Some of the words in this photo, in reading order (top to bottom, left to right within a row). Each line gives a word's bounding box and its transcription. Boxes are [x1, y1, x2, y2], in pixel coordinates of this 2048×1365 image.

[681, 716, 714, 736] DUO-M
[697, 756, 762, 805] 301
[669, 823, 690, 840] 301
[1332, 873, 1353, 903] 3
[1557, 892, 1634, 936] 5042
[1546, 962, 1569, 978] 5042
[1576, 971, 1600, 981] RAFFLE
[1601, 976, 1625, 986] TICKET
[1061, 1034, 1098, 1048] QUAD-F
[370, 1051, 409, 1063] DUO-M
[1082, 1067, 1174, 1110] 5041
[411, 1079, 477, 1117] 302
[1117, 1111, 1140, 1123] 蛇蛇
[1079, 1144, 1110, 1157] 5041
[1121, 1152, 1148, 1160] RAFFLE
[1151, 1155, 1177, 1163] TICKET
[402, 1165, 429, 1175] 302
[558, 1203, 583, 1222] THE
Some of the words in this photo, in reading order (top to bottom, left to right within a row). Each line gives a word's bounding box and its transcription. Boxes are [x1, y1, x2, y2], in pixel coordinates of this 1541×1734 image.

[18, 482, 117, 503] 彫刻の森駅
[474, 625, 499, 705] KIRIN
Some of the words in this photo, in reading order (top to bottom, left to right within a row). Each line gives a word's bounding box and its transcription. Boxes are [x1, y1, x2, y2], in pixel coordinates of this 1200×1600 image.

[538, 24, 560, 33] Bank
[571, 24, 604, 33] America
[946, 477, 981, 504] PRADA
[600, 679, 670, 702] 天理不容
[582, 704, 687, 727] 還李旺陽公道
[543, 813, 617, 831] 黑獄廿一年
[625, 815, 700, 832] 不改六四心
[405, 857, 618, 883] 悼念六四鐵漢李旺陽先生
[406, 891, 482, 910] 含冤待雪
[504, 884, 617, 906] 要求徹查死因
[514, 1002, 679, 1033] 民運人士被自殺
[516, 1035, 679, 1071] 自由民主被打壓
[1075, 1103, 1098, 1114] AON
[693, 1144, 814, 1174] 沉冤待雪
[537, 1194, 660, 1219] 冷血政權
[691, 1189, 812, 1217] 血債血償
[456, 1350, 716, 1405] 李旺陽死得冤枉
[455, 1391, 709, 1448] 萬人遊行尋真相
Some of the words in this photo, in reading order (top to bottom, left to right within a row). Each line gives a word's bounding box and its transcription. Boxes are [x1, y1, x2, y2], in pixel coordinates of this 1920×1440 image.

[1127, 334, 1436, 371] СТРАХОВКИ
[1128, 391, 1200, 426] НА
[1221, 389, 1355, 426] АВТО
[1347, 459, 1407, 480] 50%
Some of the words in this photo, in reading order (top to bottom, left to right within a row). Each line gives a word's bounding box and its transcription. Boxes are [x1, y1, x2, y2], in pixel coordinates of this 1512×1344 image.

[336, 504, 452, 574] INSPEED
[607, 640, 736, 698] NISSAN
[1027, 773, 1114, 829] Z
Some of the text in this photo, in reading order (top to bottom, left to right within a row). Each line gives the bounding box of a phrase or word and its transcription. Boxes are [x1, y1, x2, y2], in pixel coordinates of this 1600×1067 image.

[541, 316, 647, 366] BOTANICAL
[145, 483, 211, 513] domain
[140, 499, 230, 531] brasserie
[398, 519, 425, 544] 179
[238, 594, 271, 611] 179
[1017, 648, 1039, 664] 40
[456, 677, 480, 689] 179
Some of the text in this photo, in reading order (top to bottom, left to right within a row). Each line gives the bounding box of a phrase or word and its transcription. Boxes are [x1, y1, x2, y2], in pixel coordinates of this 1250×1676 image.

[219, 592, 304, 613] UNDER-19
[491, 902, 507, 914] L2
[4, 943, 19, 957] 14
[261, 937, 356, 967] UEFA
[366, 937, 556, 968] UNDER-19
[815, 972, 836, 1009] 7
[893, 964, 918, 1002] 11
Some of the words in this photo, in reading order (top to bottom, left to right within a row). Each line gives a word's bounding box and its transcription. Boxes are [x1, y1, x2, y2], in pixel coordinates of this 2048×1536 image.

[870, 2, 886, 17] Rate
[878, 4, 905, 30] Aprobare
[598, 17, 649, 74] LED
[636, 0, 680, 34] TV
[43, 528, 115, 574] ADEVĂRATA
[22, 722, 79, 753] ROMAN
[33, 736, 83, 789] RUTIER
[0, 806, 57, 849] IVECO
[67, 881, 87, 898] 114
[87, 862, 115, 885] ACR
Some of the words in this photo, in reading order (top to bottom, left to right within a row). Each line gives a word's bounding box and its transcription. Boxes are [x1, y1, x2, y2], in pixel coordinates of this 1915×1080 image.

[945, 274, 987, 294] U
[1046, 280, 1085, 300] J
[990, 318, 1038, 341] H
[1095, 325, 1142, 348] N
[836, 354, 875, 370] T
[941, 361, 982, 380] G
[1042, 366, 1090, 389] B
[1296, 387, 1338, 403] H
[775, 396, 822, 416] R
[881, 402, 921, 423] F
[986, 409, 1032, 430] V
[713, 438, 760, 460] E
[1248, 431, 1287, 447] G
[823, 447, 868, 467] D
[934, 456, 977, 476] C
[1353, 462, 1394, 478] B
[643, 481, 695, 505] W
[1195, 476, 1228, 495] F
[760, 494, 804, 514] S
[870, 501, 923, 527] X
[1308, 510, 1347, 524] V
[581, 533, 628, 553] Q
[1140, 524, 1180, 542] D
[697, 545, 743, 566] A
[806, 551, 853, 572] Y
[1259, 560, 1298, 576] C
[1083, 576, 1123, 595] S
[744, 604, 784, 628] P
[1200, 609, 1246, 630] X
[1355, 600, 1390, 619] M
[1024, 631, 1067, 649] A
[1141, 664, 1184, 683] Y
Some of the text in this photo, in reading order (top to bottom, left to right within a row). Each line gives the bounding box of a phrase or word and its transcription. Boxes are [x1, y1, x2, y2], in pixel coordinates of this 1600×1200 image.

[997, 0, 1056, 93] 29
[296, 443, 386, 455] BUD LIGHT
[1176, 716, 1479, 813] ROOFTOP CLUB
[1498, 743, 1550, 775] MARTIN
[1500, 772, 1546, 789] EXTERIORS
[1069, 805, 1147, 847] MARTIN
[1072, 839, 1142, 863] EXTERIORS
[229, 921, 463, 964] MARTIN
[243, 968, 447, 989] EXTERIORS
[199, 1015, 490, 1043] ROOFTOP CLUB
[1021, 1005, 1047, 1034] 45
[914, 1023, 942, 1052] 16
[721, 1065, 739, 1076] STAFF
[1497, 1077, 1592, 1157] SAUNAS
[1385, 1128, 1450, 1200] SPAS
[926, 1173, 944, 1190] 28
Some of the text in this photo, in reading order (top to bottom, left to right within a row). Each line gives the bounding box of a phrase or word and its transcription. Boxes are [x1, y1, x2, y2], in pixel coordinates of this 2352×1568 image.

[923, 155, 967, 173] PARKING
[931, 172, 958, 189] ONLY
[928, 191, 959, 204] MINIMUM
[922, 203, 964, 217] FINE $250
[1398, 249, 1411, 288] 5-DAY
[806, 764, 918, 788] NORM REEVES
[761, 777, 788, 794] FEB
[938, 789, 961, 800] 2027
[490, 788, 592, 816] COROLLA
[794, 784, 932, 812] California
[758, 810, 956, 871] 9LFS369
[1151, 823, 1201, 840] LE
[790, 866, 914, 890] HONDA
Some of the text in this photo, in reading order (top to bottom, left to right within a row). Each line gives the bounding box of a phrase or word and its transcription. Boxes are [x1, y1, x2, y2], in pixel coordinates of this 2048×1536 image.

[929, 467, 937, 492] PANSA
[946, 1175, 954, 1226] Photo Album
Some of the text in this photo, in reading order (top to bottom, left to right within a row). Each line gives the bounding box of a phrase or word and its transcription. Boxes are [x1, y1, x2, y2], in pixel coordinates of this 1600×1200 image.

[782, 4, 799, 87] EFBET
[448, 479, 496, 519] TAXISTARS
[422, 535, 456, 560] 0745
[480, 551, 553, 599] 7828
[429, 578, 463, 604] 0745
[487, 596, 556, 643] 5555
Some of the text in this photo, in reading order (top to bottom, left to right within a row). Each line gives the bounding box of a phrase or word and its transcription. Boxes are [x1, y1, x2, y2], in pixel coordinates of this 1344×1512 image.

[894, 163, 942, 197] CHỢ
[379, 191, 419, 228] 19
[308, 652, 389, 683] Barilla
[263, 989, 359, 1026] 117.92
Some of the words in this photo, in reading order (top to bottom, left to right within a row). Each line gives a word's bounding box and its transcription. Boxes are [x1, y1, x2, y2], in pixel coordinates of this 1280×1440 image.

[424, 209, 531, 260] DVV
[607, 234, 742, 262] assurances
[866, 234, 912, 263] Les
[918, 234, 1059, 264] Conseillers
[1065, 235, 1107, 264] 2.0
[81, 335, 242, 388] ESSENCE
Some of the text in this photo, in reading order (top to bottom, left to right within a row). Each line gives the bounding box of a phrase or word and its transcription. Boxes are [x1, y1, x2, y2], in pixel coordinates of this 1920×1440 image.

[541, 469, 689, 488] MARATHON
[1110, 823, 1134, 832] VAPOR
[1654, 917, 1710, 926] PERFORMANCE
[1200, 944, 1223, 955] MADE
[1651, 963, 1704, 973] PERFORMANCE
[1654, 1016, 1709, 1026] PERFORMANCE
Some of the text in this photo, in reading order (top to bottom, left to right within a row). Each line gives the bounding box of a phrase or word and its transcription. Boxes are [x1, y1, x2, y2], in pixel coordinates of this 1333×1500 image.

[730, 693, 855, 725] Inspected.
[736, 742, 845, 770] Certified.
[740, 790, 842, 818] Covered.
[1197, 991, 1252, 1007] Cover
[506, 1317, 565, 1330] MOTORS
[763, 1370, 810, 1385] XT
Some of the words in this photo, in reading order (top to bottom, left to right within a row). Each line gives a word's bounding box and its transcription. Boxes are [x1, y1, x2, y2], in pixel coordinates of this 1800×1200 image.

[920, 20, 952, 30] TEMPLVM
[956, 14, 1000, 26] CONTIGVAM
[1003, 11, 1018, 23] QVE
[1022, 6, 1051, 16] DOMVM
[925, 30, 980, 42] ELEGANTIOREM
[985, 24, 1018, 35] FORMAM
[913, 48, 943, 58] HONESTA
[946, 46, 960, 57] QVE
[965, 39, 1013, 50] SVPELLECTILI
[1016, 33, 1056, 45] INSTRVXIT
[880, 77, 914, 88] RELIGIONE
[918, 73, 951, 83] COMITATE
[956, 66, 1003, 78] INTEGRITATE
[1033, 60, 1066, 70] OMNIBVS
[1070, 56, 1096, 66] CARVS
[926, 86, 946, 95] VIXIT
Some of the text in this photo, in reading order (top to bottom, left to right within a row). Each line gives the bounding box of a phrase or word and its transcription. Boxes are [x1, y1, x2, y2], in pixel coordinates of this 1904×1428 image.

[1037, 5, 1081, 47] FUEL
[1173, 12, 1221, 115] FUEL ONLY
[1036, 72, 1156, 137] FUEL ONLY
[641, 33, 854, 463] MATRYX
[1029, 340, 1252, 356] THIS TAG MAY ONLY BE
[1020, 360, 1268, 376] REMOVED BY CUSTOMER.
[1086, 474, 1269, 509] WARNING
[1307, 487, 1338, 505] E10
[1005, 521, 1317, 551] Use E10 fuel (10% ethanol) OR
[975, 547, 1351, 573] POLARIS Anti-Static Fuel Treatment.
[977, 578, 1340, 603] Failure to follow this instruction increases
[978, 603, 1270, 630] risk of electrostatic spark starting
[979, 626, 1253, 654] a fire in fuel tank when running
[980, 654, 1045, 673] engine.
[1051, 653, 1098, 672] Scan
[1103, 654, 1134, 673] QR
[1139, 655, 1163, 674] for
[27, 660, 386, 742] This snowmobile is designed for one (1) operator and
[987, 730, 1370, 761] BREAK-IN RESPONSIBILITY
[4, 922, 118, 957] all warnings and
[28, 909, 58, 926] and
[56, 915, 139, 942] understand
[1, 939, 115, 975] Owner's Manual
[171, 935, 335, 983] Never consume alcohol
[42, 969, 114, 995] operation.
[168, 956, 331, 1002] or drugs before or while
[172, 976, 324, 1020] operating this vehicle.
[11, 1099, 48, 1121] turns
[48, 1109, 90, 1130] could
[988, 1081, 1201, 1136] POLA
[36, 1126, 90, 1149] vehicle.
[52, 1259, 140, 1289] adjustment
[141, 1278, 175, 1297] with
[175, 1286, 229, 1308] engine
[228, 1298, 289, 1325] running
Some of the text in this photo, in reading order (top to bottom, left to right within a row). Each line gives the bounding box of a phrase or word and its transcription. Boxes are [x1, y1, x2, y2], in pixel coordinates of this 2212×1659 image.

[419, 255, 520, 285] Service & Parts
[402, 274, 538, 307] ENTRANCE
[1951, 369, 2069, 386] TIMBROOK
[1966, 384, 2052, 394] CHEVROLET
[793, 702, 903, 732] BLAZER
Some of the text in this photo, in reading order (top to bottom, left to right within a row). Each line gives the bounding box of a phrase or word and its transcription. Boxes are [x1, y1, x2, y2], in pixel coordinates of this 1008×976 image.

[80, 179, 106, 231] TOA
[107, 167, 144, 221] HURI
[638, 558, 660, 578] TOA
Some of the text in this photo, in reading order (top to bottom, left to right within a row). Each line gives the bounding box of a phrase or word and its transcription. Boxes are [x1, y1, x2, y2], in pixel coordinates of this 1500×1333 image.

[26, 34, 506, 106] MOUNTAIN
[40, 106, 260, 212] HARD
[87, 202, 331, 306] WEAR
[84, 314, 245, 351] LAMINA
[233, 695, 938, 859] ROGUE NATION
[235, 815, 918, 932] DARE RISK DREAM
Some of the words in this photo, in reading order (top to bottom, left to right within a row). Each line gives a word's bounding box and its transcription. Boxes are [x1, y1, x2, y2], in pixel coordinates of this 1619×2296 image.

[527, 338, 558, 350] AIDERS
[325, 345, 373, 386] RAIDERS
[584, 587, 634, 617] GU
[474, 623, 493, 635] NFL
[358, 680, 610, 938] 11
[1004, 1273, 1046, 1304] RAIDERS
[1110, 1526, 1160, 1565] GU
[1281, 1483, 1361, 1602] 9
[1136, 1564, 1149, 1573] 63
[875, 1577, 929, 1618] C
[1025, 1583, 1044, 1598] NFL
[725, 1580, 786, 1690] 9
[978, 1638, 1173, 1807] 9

· · · ·

→ YOUR GOAL
Leaving out every line before the one with "this 1500×1333 image.", print the rest of the listing above exactly, through its final line.

→ RESULT OF THE EXERCISE
Some of the text in this photo, in reading order (top to bottom, left to right within a row). Each line gives the bounding box of a phrase or word and its transcription. Boxes are [x1, y1, x2, y2], in pixel coordinates of this 1500×1333 image.

[26, 34, 506, 106] MOUNTAIN
[40, 106, 260, 212] HARD
[87, 202, 331, 306] WEAR
[84, 314, 245, 351] LAMINA
[233, 695, 938, 859] ROGUE NATION
[235, 815, 918, 932] DARE RISK DREAM
Some of the words in this photo, in reading order (top to bottom, left to right within a row). Each line gives a word's bounding box and its transcription. Boxes are [x1, y1, x2, y2], in pixel coordinates of this 1619×2296 image.

[527, 338, 558, 350] AIDERS
[325, 345, 373, 386] RAIDERS
[584, 587, 634, 617] GU
[474, 623, 493, 635] NFL
[358, 680, 610, 938] 11
[1004, 1273, 1046, 1304] RAIDERS
[1110, 1526, 1160, 1565] GU
[1281, 1483, 1361, 1602] 9
[1136, 1564, 1149, 1573] 63
[875, 1577, 929, 1618] C
[1025, 1583, 1044, 1598] NFL
[725, 1580, 786, 1690] 9
[978, 1638, 1173, 1807] 9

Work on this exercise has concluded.